*** Block opens ***

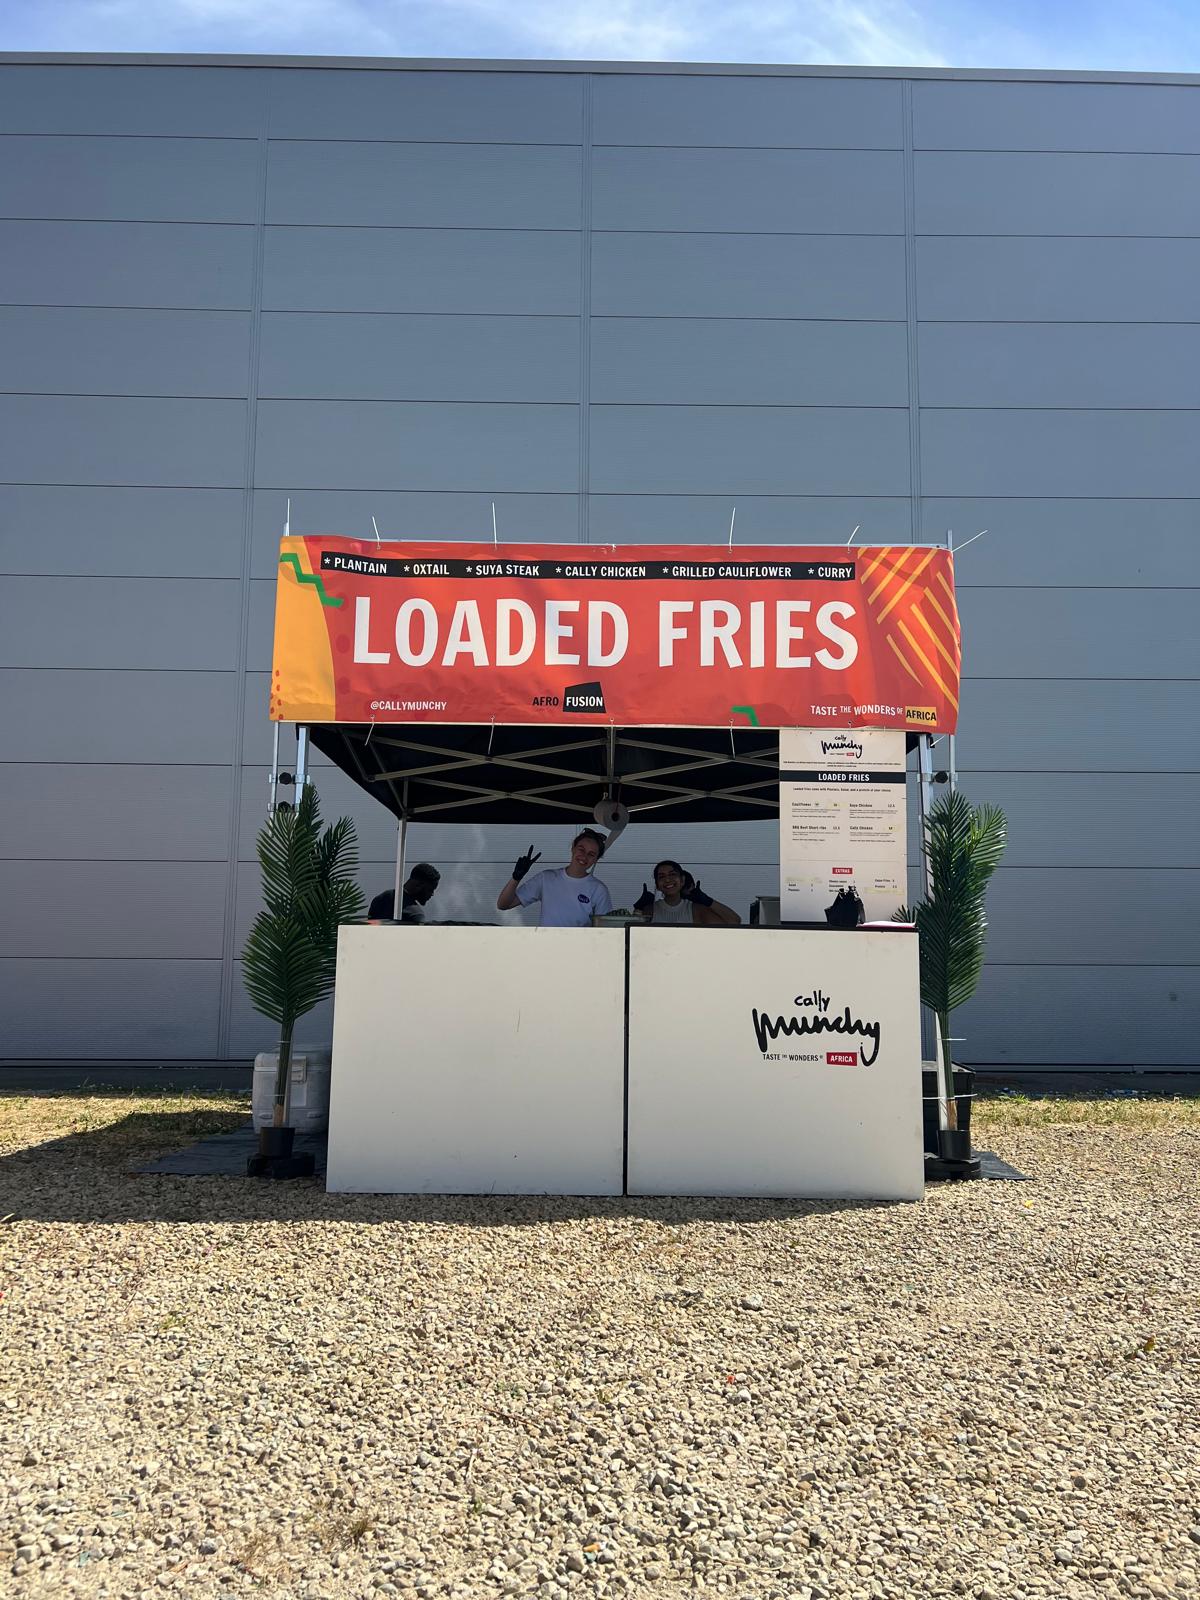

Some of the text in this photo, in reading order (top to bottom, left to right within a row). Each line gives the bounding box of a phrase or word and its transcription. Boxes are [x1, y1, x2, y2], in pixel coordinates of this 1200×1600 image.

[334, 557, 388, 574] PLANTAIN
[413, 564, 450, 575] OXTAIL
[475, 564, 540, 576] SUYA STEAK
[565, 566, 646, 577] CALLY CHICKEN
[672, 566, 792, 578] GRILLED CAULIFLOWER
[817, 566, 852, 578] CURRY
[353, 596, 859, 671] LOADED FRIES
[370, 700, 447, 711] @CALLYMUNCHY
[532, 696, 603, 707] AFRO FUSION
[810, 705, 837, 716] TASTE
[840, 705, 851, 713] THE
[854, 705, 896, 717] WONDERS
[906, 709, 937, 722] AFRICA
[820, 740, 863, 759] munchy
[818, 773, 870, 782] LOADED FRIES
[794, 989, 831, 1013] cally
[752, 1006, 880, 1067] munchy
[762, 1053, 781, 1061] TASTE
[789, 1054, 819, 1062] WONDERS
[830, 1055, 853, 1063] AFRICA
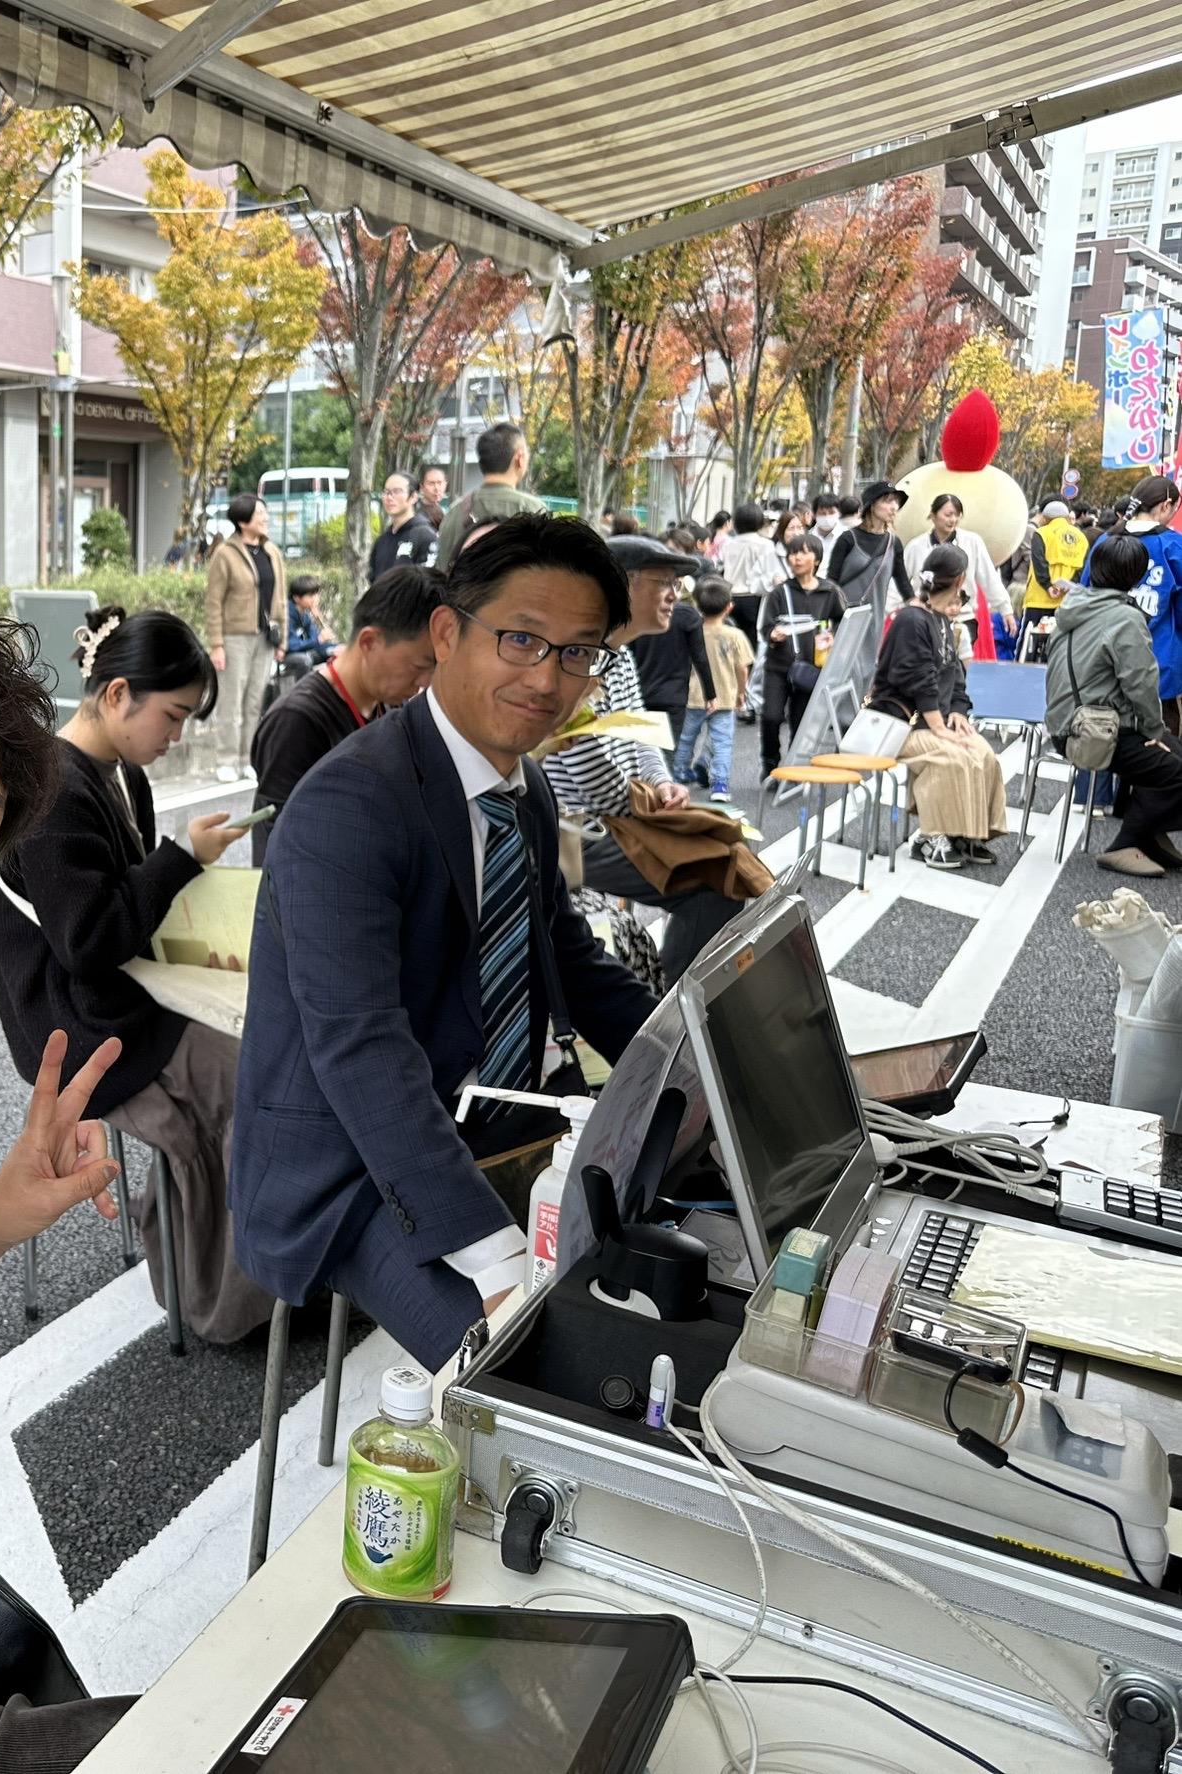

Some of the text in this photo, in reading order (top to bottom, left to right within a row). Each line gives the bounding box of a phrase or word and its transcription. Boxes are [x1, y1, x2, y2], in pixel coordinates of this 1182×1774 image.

*** Block closes ***

WHAT YOU ARE ASKED TO DO -> Go through the listing above and retype each line exactly, apart from the pictures.

SOLVED EXERCISE ->
Some of the text in this photo, in reading order (top to bottom, left to right within a row). Each line gives the bounding box of a phrase or word and its transcription. Boxes are [x1, y1, x2, y2], in pixel coordinates of this 1200×1600 image.

[334, 557, 388, 574] PLANTAIN
[413, 564, 450, 575] OXTAIL
[475, 564, 540, 576] SUYA STEAK
[565, 566, 646, 577] CALLY CHICKEN
[672, 566, 792, 578] GRILLED CAULIFLOWER
[817, 566, 852, 578] CURRY
[353, 596, 859, 671] LOADED FRIES
[370, 700, 447, 711] @CALLYMUNCHY
[532, 696, 603, 707] AFRO FUSION
[810, 705, 837, 716] TASTE
[840, 705, 851, 713] THE
[854, 705, 896, 717] WONDERS
[906, 709, 937, 722] AFRICA
[820, 740, 863, 759] munchy
[818, 773, 870, 782] LOADED FRIES
[794, 989, 831, 1013] cally
[752, 1006, 880, 1067] munchy
[762, 1053, 781, 1061] TASTE
[789, 1054, 819, 1062] WONDERS
[830, 1055, 853, 1063] AFRICA

Some of the text in this photo, in reading order (top to bottom, left to right within a row). Each line gives the bounding box of a phrase or word and its transcription. Boxes are [x1, y1, x2, y2], in pixel coordinates of this 1182×1774 image.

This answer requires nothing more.